And what was this nuanced difference?

Since Perez v. United States, 402 U.S. 146 (1971), our cases have mechanically recited that the Commerce Clause permits congressional regulation of three categories: (1) the channels of interstate commerce; (2) the instrumentalities of interstate commerce, and persons or things in interstate commerce; and (3) activities that “substantially affect” interstate commerce. …

The first two categories are self-evident, since they are the ingredients of interstate commerce itself. See Gibbons v. Ogden, 9 Wheat. 1, 189—190 (1824). The third category, however, is different in kind, and its recitation without explanation is misleading and incomplete.

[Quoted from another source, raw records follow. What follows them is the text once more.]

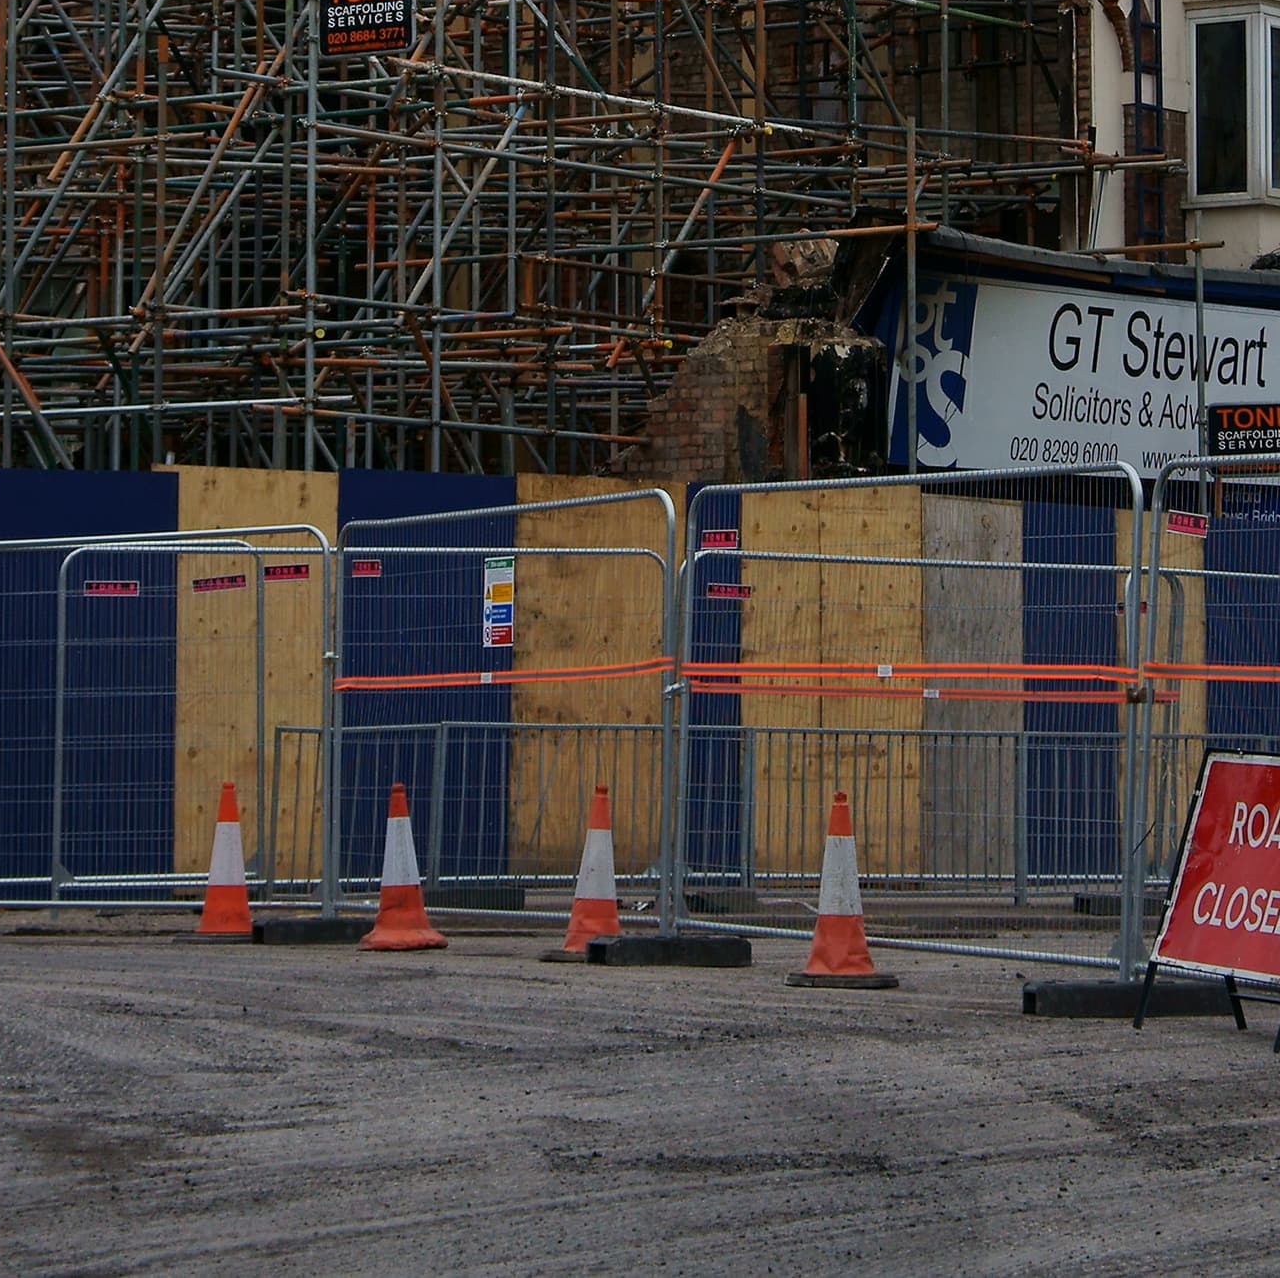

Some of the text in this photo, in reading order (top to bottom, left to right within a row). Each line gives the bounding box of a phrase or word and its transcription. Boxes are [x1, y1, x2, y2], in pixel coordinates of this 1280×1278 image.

[327, 1, 404, 17] SCAFFOLDING
[328, 11, 404, 28] SERVICES
[328, 27, 405, 45] 020 8684 3771
[1048, 302, 1267, 388] GT Stewart
[1032, 382, 1200, 430] Solicitors & Adv
[1010, 436, 1119, 464] 020 8299 6000

It is misleading because, unlike the channels, instrumentalities, and agents of interstate commerce, activities that substantially affect interstate commerce are not themselves part of interstate commerce, and thus the power to regulate them cannot come from the Commerce Clause alone. Rather, as this Court has acknowledged since at least United States v. Coombs, 12 Pet. 72 (1838), Congress’s regulatory authority over intrastate activities that are not themselves part of interstate commerce (including activities that have a substantial effect on interstate commerce) derives from the Necessary and Proper Clause.

Basically, he just thought they should toss in the “necessary and proper” clause. Other than that, he was in agreement. A nuanced difference, indeed.

Raich affirmed not just Wickard, but the long trail of Commerce Clause jurisprudence, which has “extend[ed] the limits of the general government gradually, and by insensible degrees.” Each case that formed “a precedent to the next, and this to a following.”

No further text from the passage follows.